§ **Dataset content**
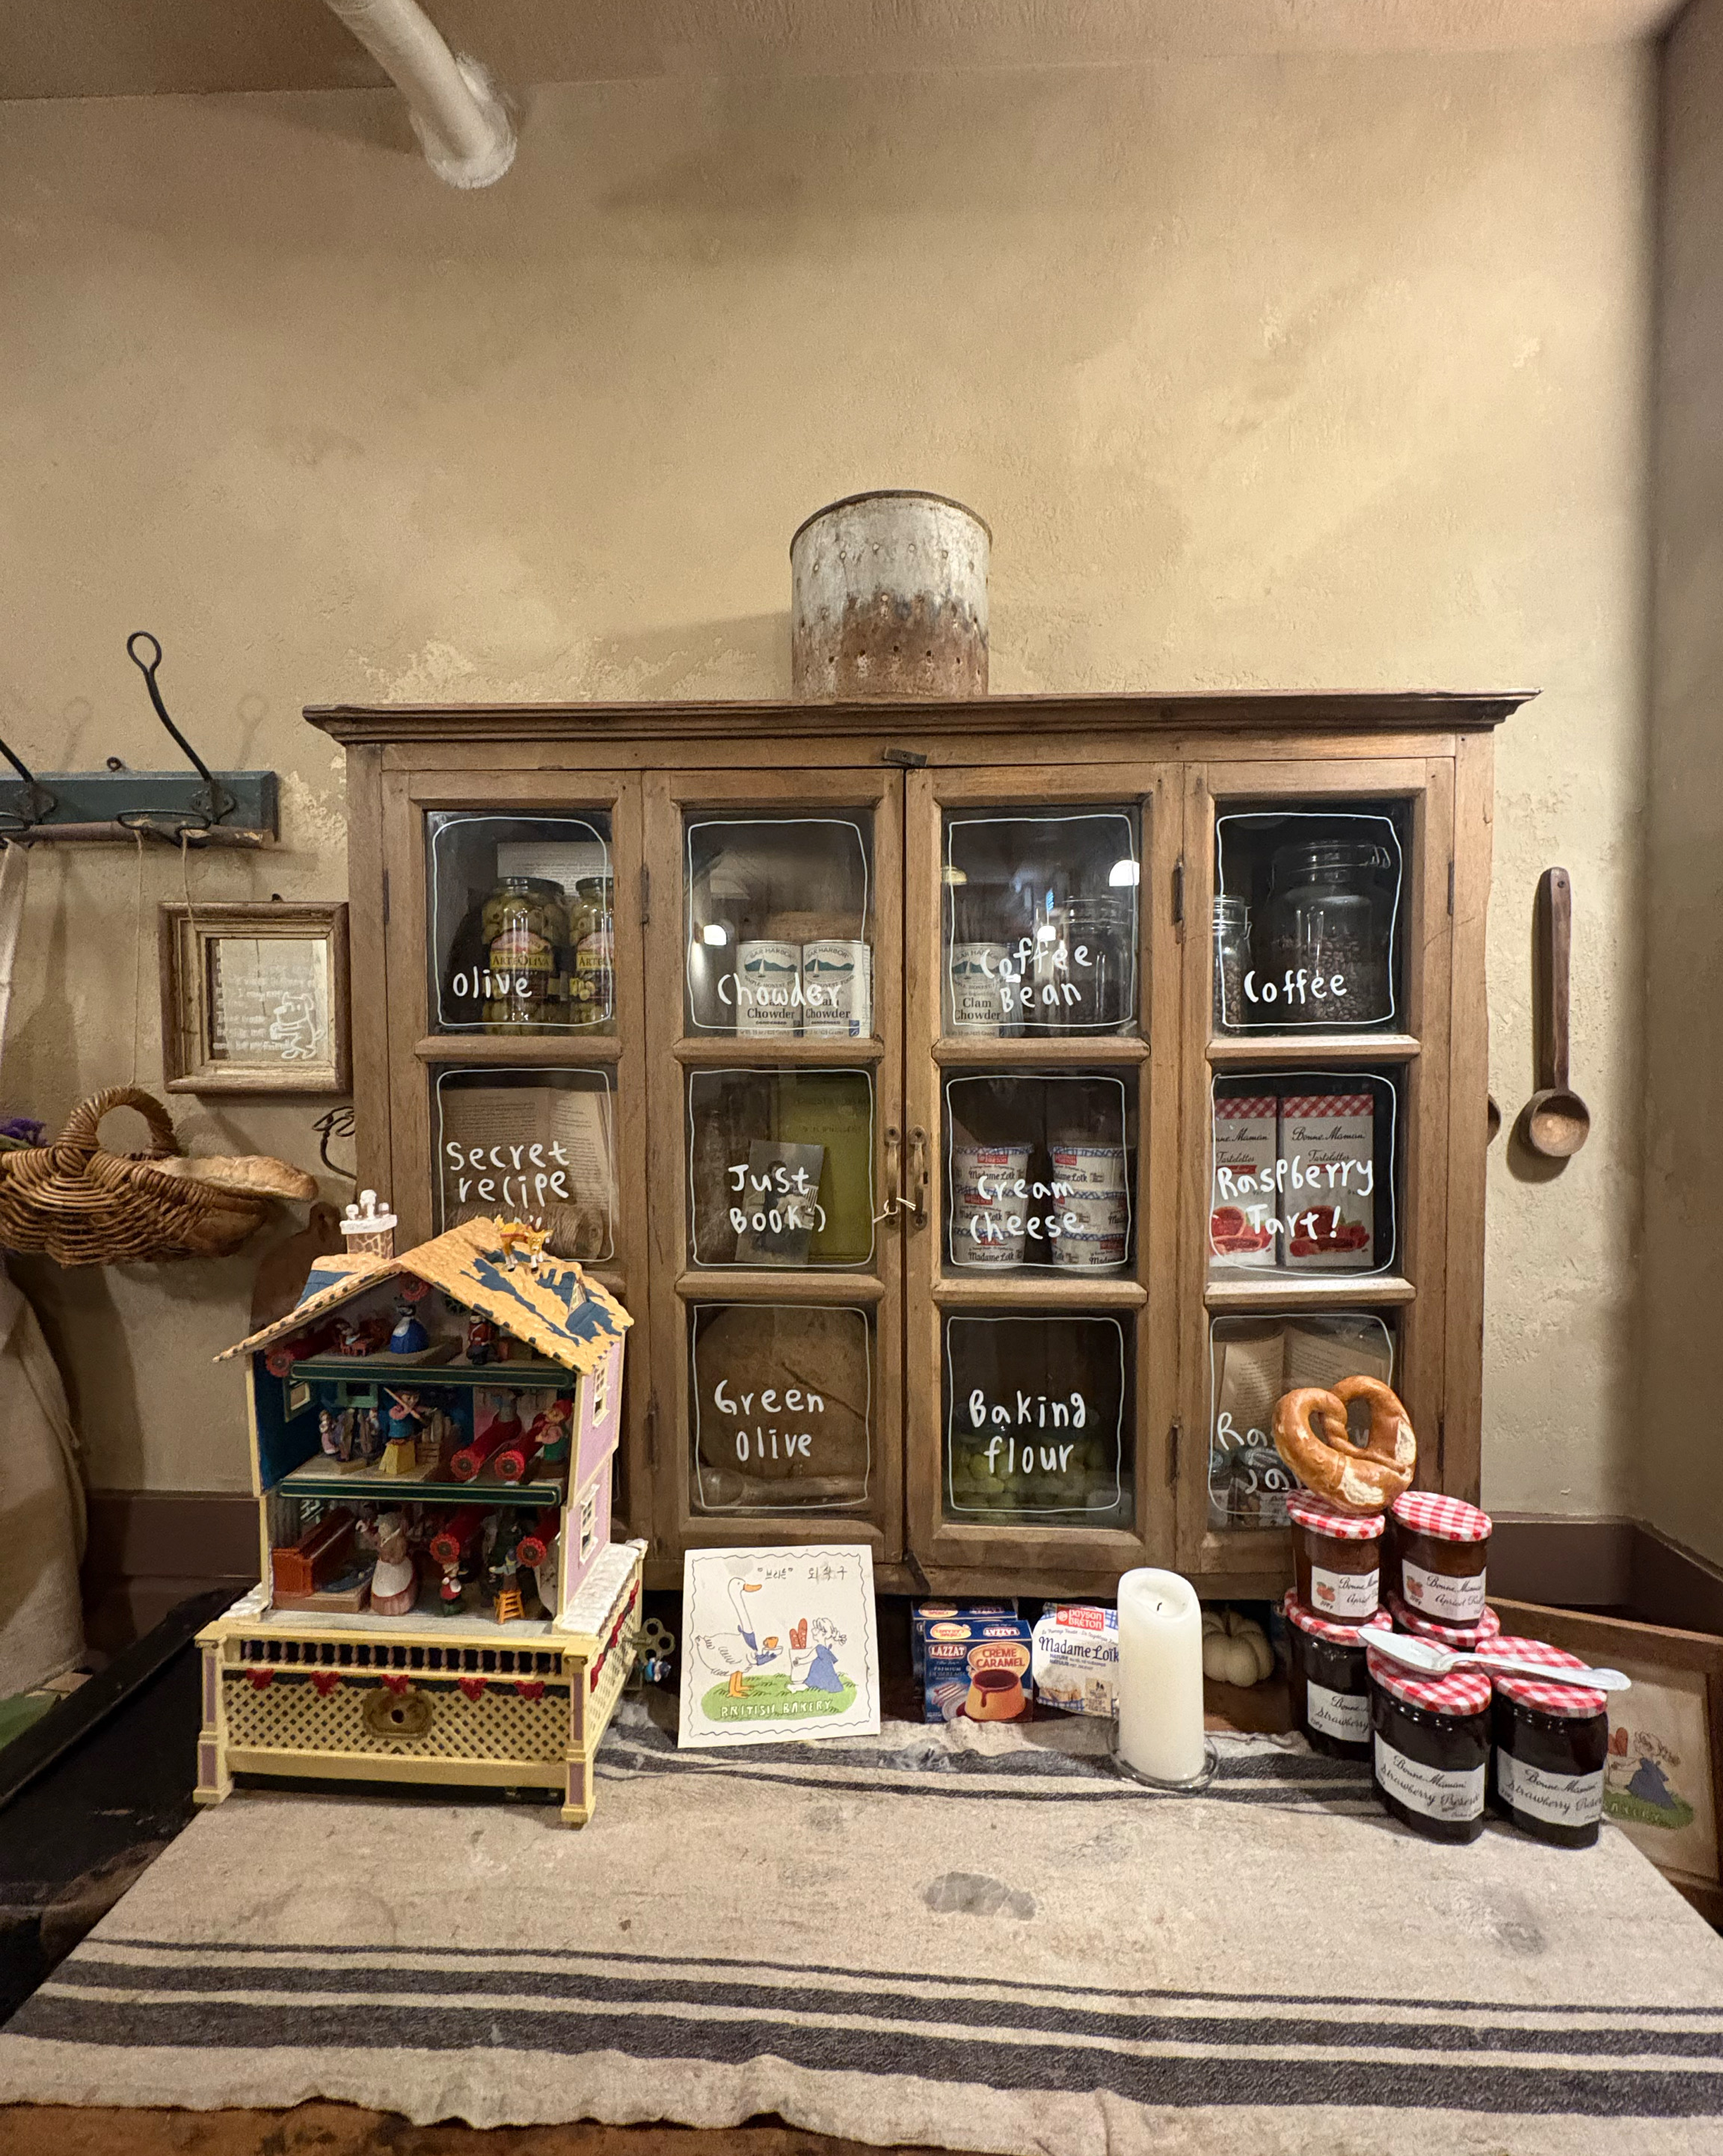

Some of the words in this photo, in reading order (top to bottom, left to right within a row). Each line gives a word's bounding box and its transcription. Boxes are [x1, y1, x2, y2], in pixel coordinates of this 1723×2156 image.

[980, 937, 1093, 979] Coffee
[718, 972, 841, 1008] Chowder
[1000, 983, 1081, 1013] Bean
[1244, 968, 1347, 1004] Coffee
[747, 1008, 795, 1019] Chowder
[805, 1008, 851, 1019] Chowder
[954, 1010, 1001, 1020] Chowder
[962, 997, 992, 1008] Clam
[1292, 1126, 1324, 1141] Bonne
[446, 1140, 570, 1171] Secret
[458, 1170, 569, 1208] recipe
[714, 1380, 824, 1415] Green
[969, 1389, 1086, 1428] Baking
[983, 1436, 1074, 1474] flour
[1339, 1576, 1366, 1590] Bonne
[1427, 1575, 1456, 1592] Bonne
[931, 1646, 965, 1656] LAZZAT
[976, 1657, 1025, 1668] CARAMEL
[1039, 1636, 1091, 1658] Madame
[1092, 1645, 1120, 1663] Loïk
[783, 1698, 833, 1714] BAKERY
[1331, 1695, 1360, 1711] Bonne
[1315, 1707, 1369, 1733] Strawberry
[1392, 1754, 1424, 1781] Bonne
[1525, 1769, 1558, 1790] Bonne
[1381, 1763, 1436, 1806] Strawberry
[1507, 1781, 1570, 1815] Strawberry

§ **How to complete this task**
The material above must be reproduced line for line, with the images omitted.

§ **Solution to this problem**
Some of the words in this photo, in reading order (top to bottom, left to right within a row). Each line gives a word's bounding box and its transcription. Boxes are [x1, y1, x2, y2], in pixel coordinates of this 1723×2156 image.

[980, 937, 1093, 979] Coffee
[718, 972, 841, 1008] Chowder
[1000, 983, 1081, 1013] Bean
[1244, 968, 1347, 1004] Coffee
[747, 1008, 795, 1019] Chowder
[805, 1008, 851, 1019] Chowder
[954, 1010, 1001, 1020] Chowder
[962, 997, 992, 1008] Clam
[1292, 1126, 1324, 1141] Bonne
[446, 1140, 570, 1171] Secret
[458, 1170, 569, 1208] recipe
[714, 1380, 824, 1415] Green
[969, 1389, 1086, 1428] Baking
[983, 1436, 1074, 1474] flour
[1339, 1576, 1366, 1590] Bonne
[1427, 1575, 1456, 1592] Bonne
[931, 1646, 965, 1656] LAZZAT
[976, 1657, 1025, 1668] CARAMEL
[1039, 1636, 1091, 1658] Madame
[1092, 1645, 1120, 1663] Loïk
[783, 1698, 833, 1714] BAKERY
[1331, 1695, 1360, 1711] Bonne
[1315, 1707, 1369, 1733] Strawberry
[1392, 1754, 1424, 1781] Bonne
[1525, 1769, 1558, 1790] Bonne
[1381, 1763, 1436, 1806] Strawberry
[1507, 1781, 1570, 1815] Strawberry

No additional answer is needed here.